Pasic, who taught architecture at the University of Mostar, had just finished a major restoration of the city's Ottoman quarter, a project that won him the Aga Khan Award, the most prestigious architecture prize in the Muslim world. He proudly took his American guests to see the old quarter's twisting streets of whitewashed shops, diminutive mosques, and ornate Hapsburg palaces.
Finally, Pasic led them up a steep, cobbled street to the footbridge built when Bosnia was under the sway of the Ottoman sultan, Suleyman the Magnificent. Bing said she will never forget the way the limestone arch did a perfect jeté over the green Neretva. It was almost 90 feet from bank to bank, almost as long as it was high.
"It was an iconic representation of connectiveness," Bing said. "First it bound together the mountain chasm, then the people on either side."

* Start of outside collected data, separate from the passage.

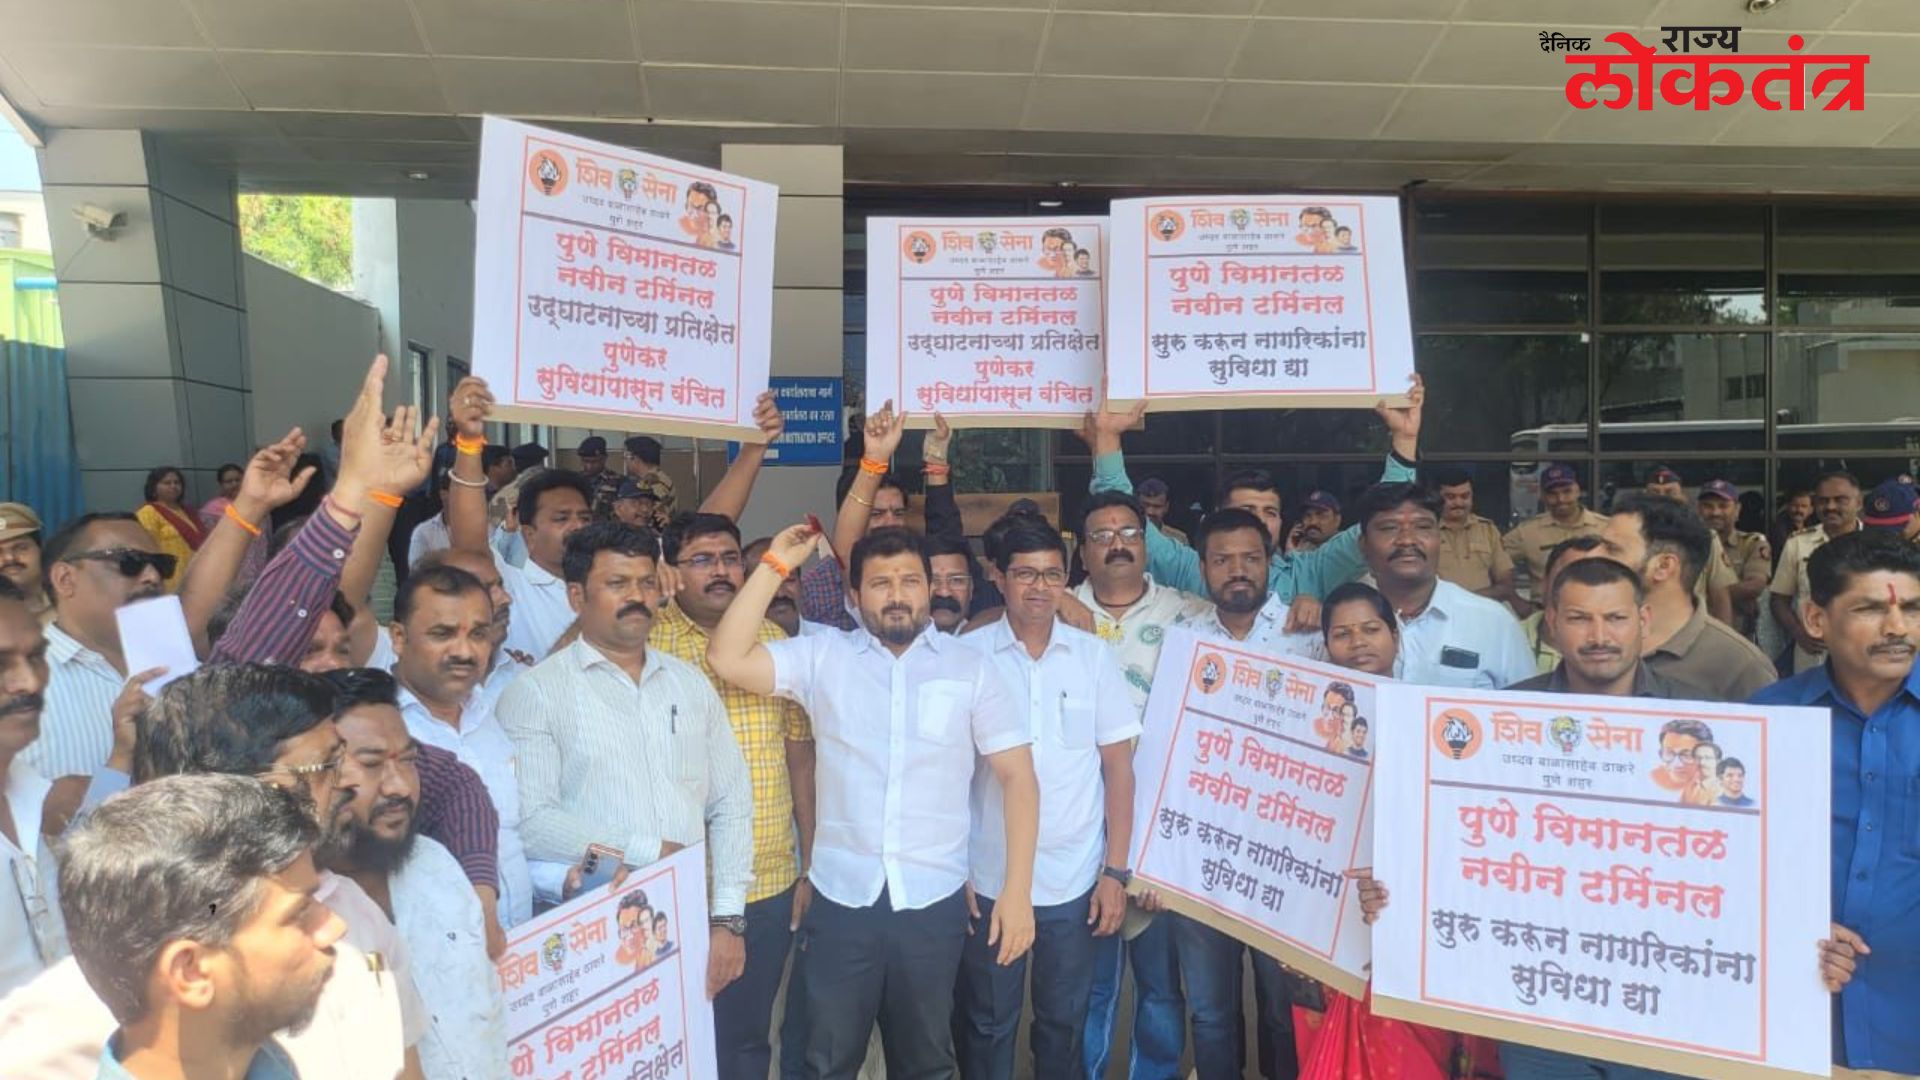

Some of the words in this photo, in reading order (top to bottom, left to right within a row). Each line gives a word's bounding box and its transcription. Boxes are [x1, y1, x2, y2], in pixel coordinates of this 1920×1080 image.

[576, 157, 613, 192] शिव
[643, 172, 677, 205] सेना
[1190, 209, 1224, 228] शिव
[1253, 208, 1289, 227] सेना
[556, 231, 597, 262] पुणे
[608, 237, 717, 278] विमानतळ
[942, 231, 974, 252] शिव
[1000, 230, 1033, 251] सेना
[558, 265, 627, 294] नवीन
[635, 275, 715, 309] टर्मिनल
[930, 282, 965, 307] पुणे
[973, 283, 1078, 303] विमानतळ
[1170, 261, 1210, 292] पुणे
[1221, 262, 1344, 285] विमानतळ
[931, 306, 992, 325] नवीन
[1001, 305, 1077, 326] टर्मिनल
[1172, 292, 1243, 316] नवीन
[1253, 290, 1344, 315] टर्मिनल
[664, 311, 735, 344] प्रतिक्षेत
[1031, 328, 1100, 353] प्रतिक्षेत
[1194, 333, 1246, 353] करून
[1254, 326, 1366, 350] नागरिकांना
[603, 337, 667, 372] पुणेकर
[975, 355, 1034, 383] पुणेकर
[1209, 355, 1275, 384] सुविधा
[1284, 358, 1308, 377] द्या
[671, 376, 725, 408] वंचित
[1040, 380, 1093, 404] वंचित
[1232, 660, 1262, 688] शिव
[1285, 672, 1317, 704] सेना
[1490, 711, 1542, 745] शिव
[1586, 717, 1644, 752] सेना
[1195, 729, 1233, 764] पुणे
[1238, 736, 1347, 797] विमानतळ
[1188, 771, 1251, 810] नवीन
[1256, 791, 1336, 843] टर्मिनल
[1459, 798, 1518, 848] पुणे
[1533, 803, 1729, 860] विमानतळ
[1197, 821, 1242, 856] करून
[1247, 840, 1343, 898] नागरिकांना
[1202, 858, 1258, 900] सुविधा
[1261, 884, 1284, 912] द्या
[1460, 852, 1566, 897] नवीन
[1580, 864, 1725, 919] टर्मिनल
[497, 951, 538, 993] शिव
[569, 916, 607, 951] सेना
[1432, 908, 1480, 949] सुरु
[1490, 918, 1569, 954] करून
[1579, 930, 1756, 984] नागरिकांना
[1511, 960, 1610, 1006] सुविधा
[1622, 981, 1661, 1016] द्या
[510, 1043, 534, 1077] णे
[545, 978, 659, 1064] विमानतळ

By the time the Philadelphia professors had a chance to return Pasic's hospitality, the Old Bridge's milky stones lay at the river's bottom.
Croatian forces had spent months trying to bring the bridge down. They fired at its keystone, until an engineer advised gunners to aim instead for the spring points at the base. With two well-placed shots, the 430-year-old Ottoman bridge crumbled like a cracker into the Neretva.

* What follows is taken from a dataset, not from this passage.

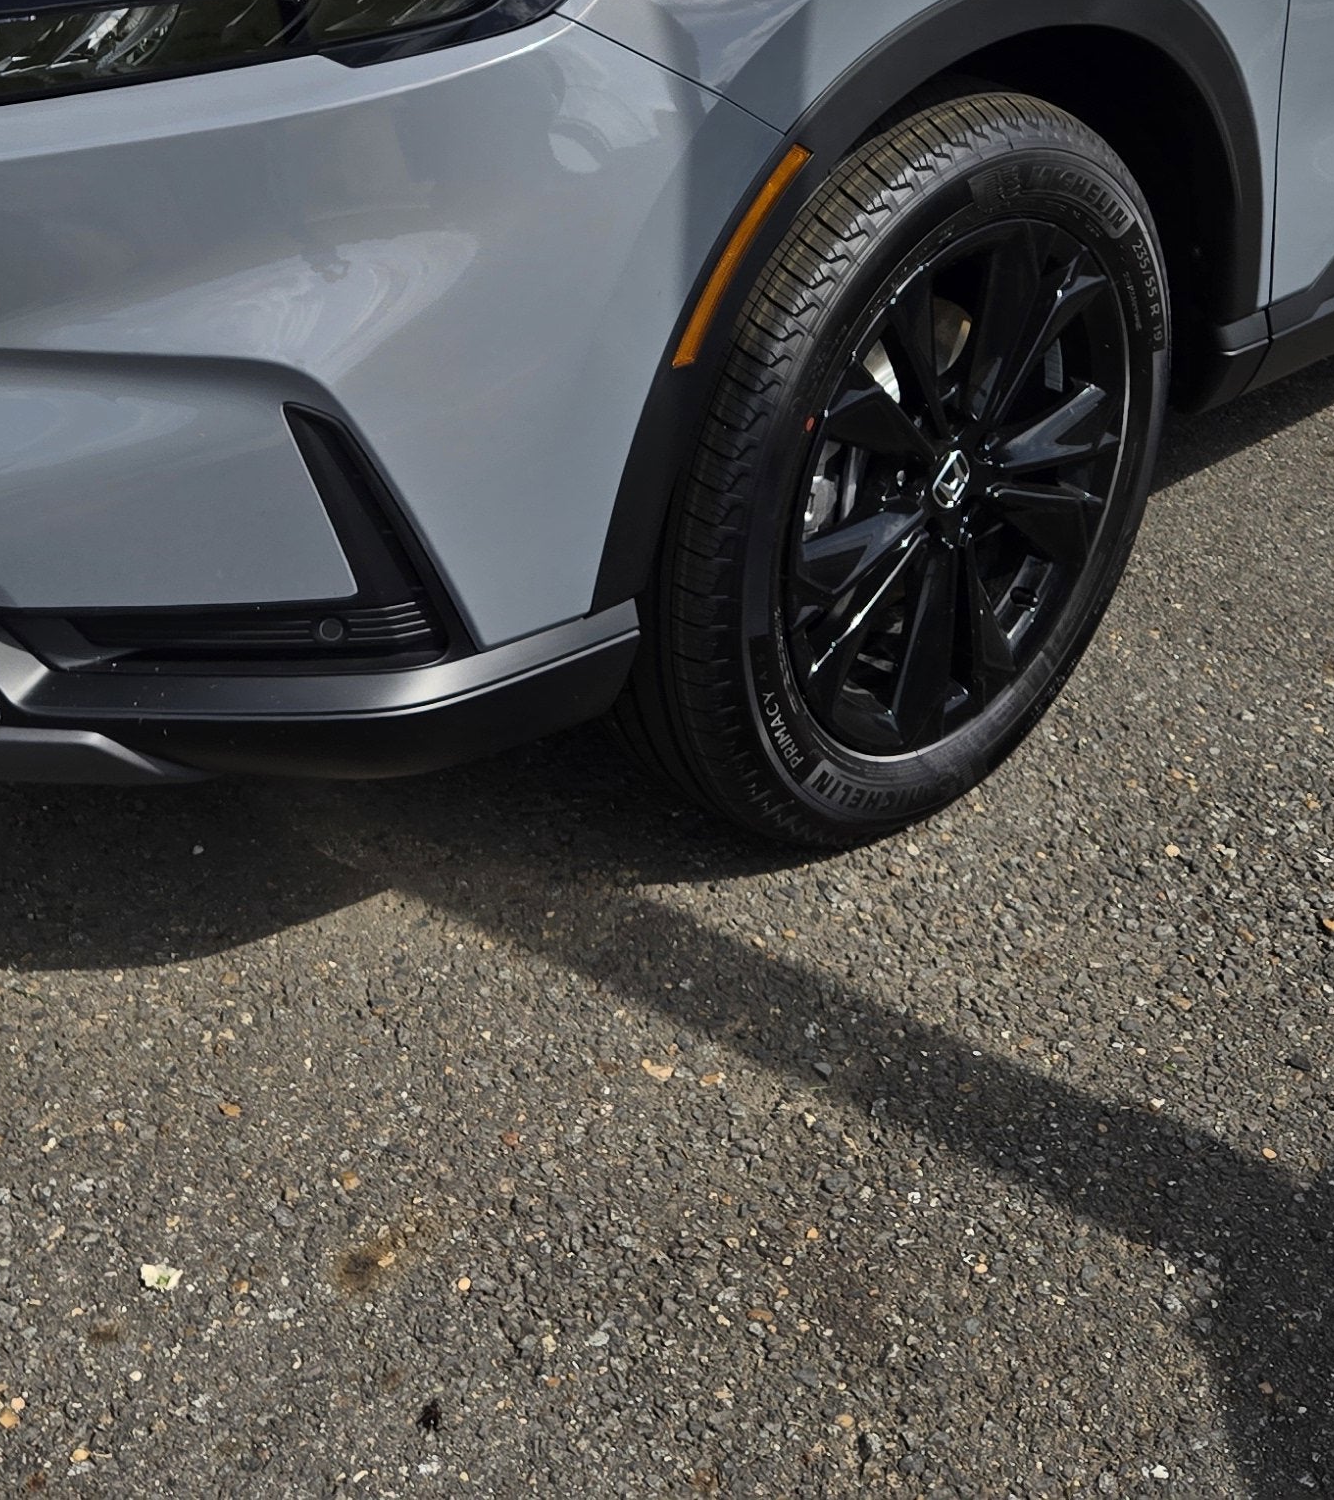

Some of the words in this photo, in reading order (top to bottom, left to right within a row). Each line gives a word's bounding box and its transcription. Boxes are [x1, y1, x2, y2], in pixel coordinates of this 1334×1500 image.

Pasic arrived in Philadelphia the following month. Harrington and Bing had invited him to lecture at Temple University and to open an exhibit on the ruined bridge. Suddenly a refugee, Pasic was uncertain of his own future, yet strangely confident about the bridge's.
Pasic greeted Harrington by handing him a colorful postcard of the bridge. It contained a formal invitation to its dedication ceremony. The date was Sept. 15, 2004, at 5 p.m. - 11 years in the future.
Pasic wasn't too far off in his scheduling. The dedication will take place eight weeks ahead of his 1993 prophecy.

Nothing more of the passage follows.